ACTIVITY → Give the data again exactly as written, skipping any pictures.

RECORDS SHOWN →
___
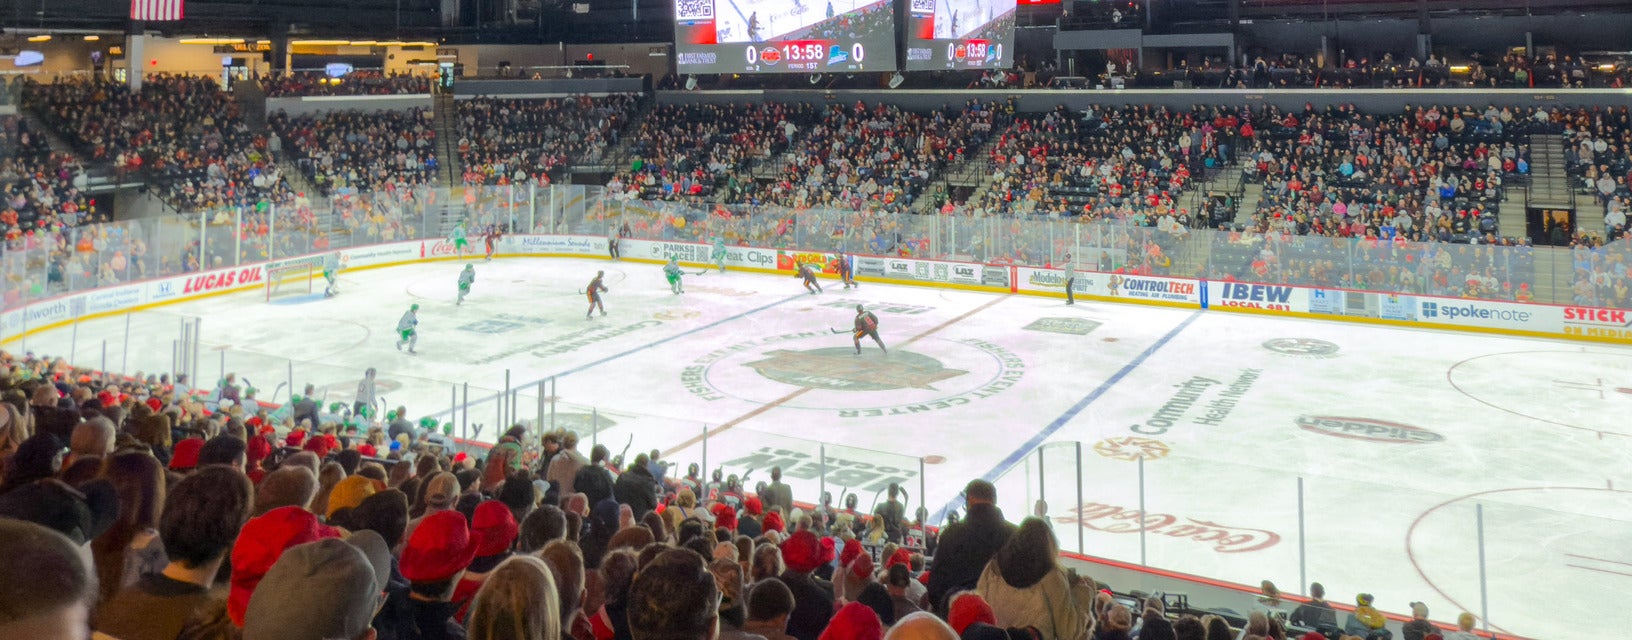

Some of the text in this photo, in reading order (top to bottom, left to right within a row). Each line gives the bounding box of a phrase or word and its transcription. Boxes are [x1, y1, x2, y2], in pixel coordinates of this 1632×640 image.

[746, 45, 757, 64] 0
[783, 44, 824, 60] 13:58
[852, 43, 864, 62] 0
[947, 42, 955, 61] 0
[966, 43, 986, 58] 13:58
[996, 42, 1003, 60] 0
[663, 243, 689, 253] PARKS
[663, 251, 690, 261] PLACE
[726, 249, 774, 266] eat Clips
[182, 266, 263, 295] LUCAS OIL
[955, 267, 974, 276] LAZ
[1123, 277, 1195, 295] CONTROLTECH
[1128, 290, 1149, 298] HEATING
[1221, 283, 1293, 303] IBEW
[1221, 300, 1262, 310] LOCAL
[1441, 303, 1530, 322] spokenote
[1563, 307, 1627, 323] STICK
[838, 396, 970, 419] CENTER
[1129, 375, 1223, 436] Community
[1192, 397, 1239, 427] Health
[1052, 501, 1282, 553] Coca-Cola
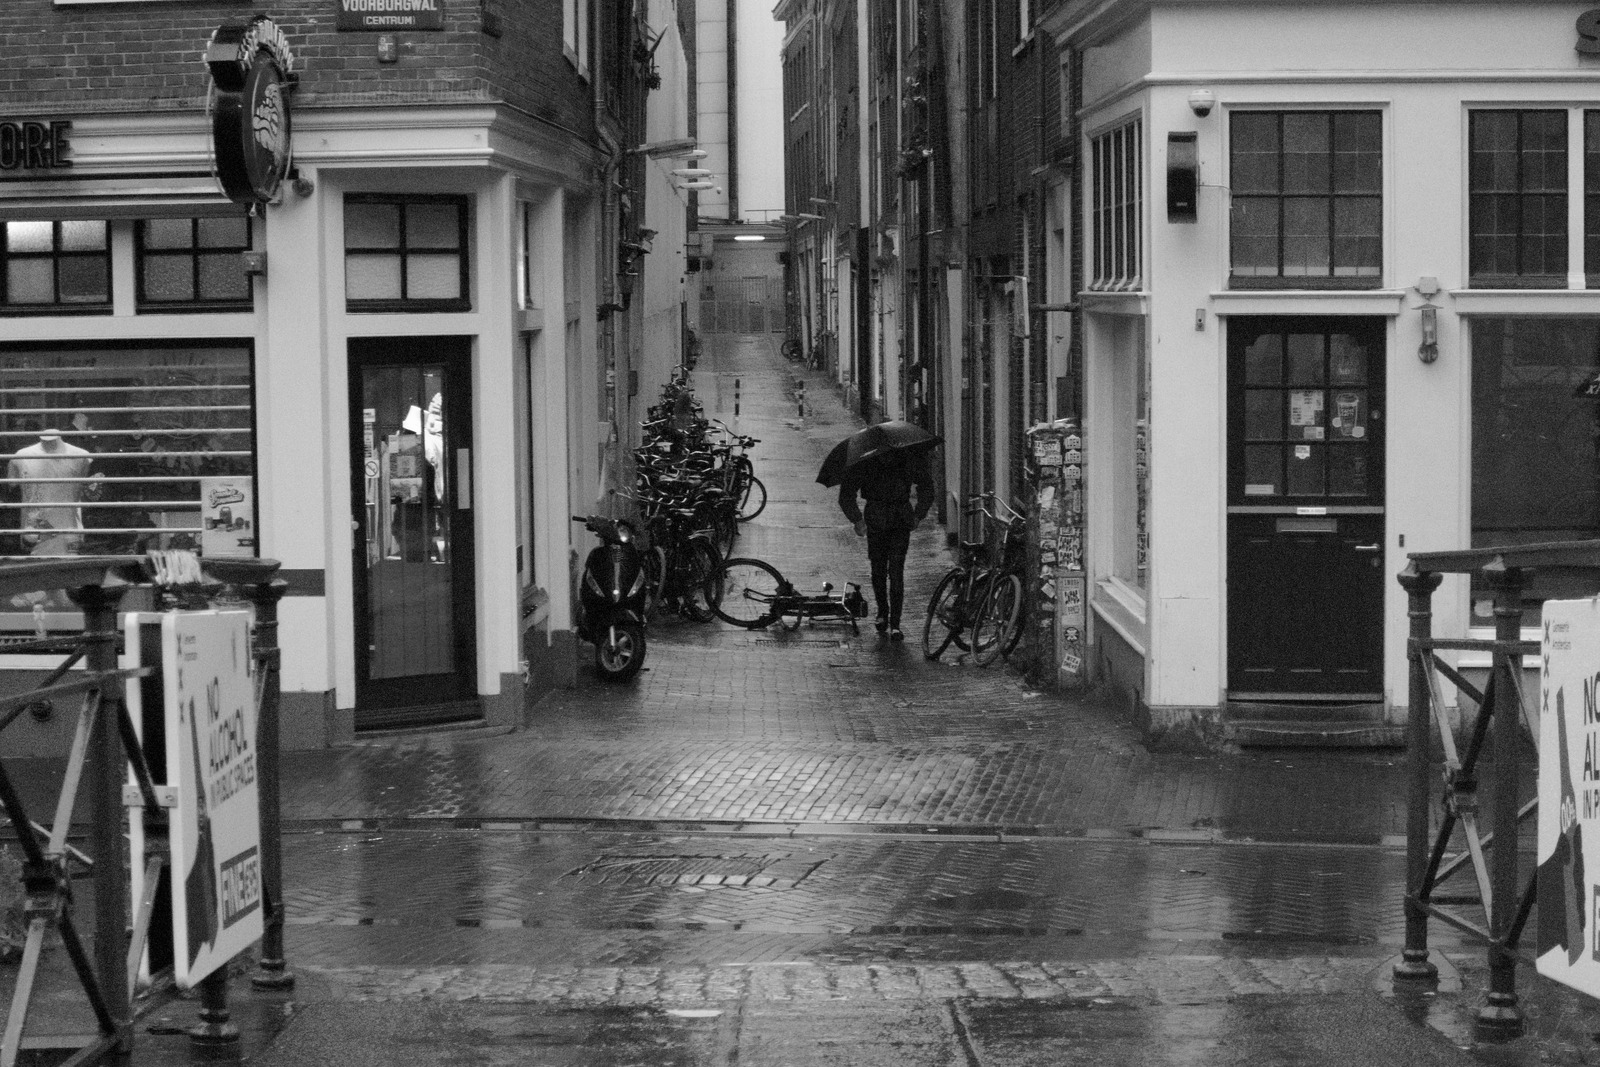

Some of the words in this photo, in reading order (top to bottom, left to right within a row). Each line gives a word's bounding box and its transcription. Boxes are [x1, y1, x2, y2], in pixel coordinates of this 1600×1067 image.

[342, 0, 438, 11] VOORBURGWAL
[362, 15, 416, 25] (CENTRUM)
[207, 676, 220, 727] NO
[210, 706, 249, 778] ALCOHOL
[1583, 789, 1592, 820] IN
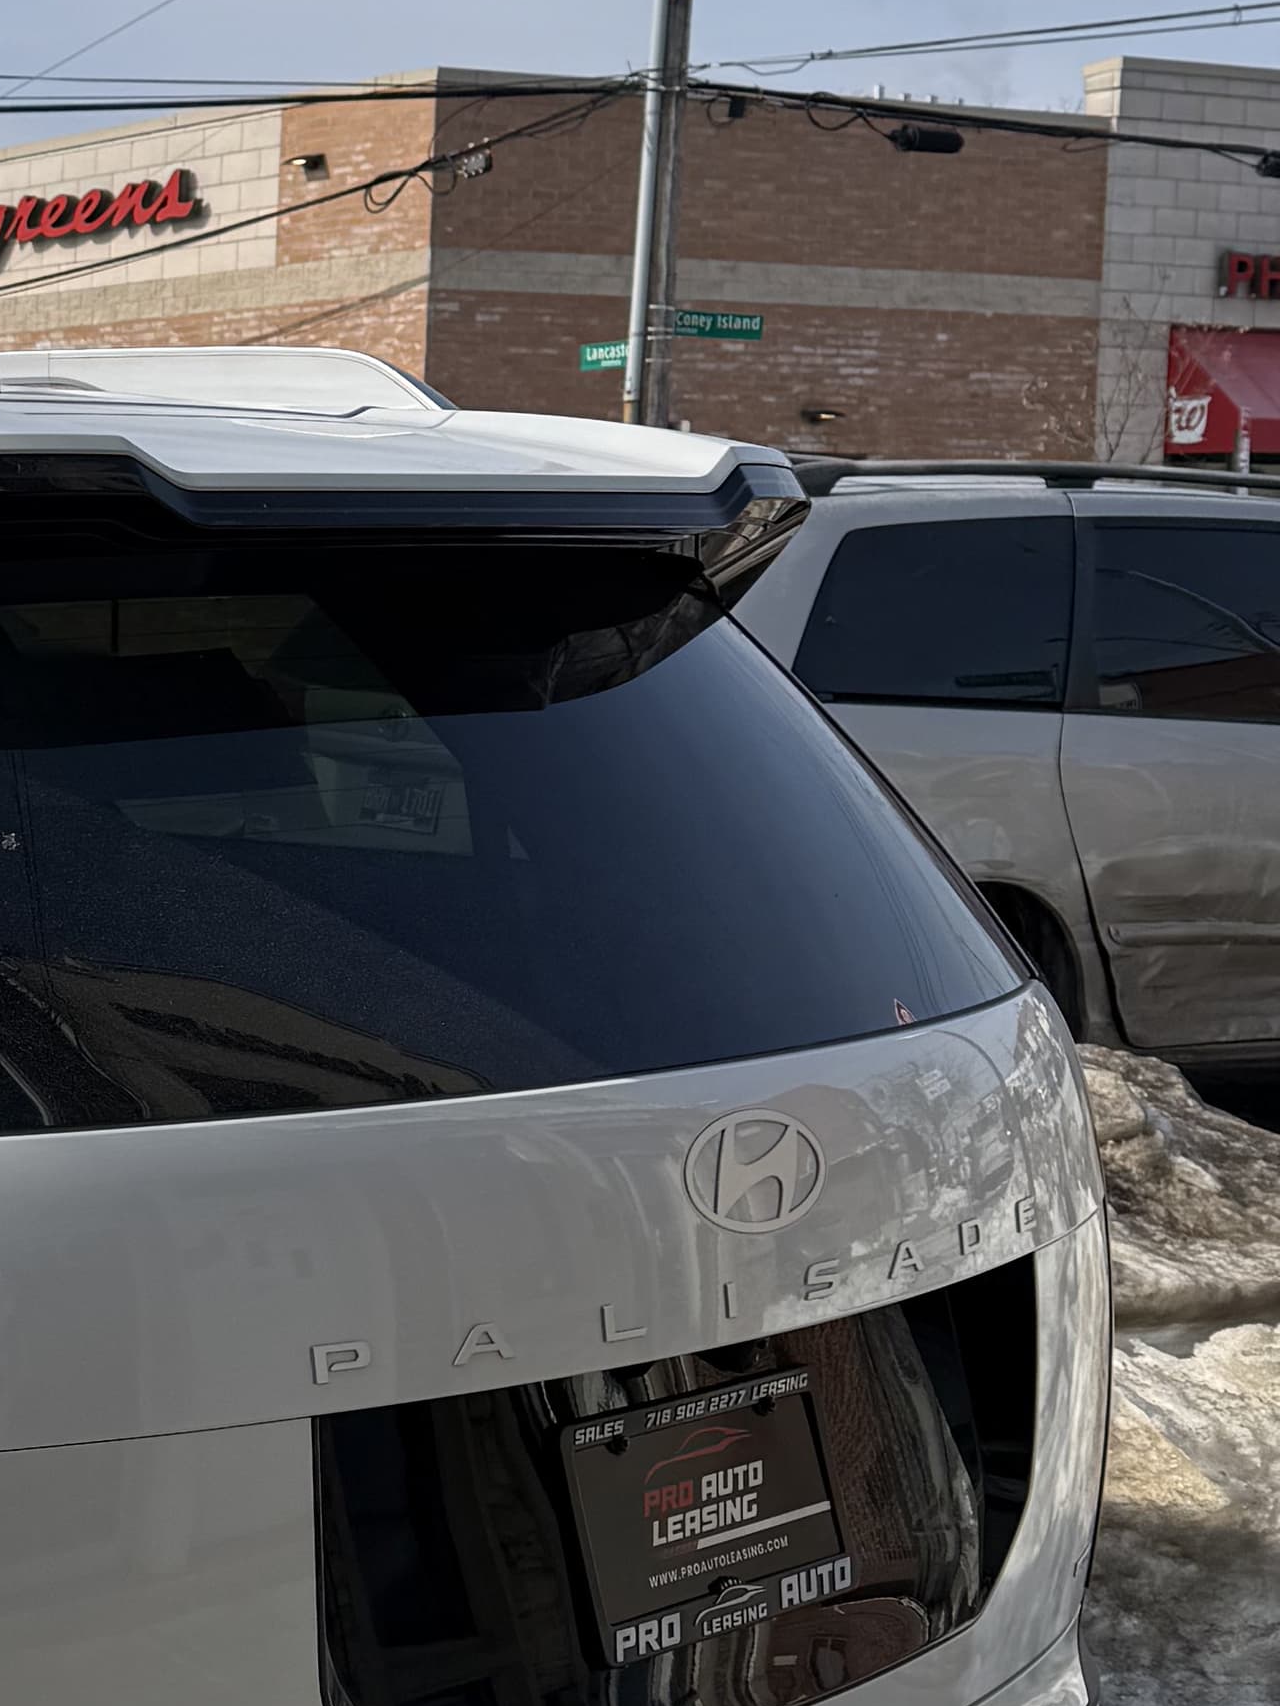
___
RESULT →
Some of the text in this photo, in reading order (top to bottom, left to right within a row). Each line gives the bounding box of a phrase or word and its transcription. Boxes are [x1, y1, x2, y2], in pixel coordinates of this 1632×640 image.

[746, 45, 757, 64] 0
[783, 44, 824, 60] 13:58
[852, 43, 864, 62] 0
[947, 42, 955, 61] 0
[966, 43, 986, 58] 13:58
[996, 42, 1003, 60] 0
[663, 243, 689, 253] PARKS
[663, 251, 690, 261] PLACE
[726, 249, 774, 266] eat Clips
[182, 266, 263, 295] LUCAS OIL
[955, 267, 974, 276] LAZ
[1123, 277, 1195, 295] CONTROLTECH
[1128, 290, 1149, 298] HEATING
[1221, 283, 1293, 303] IBEW
[1221, 300, 1262, 310] LOCAL
[1441, 303, 1530, 322] spokenote
[1563, 307, 1627, 323] STICK
[838, 396, 970, 419] CENTER
[1129, 375, 1223, 436] Community
[1192, 397, 1239, 427] Health
[1052, 501, 1282, 553] Coca-Cola

Some of the words in this photo, in reading order (top to bottom, left to right within a row). Each line gives a word's bounding box and its transcription. Boxes are [x1, y1, x2, y2], in pixel coordinates of this 1600×1067 image.

[342, 0, 438, 11] VOORBURGWAL
[362, 15, 416, 25] (CENTRUM)
[207, 676, 220, 727] NO
[210, 706, 249, 778] ALCOHOL
[1583, 789, 1592, 820] IN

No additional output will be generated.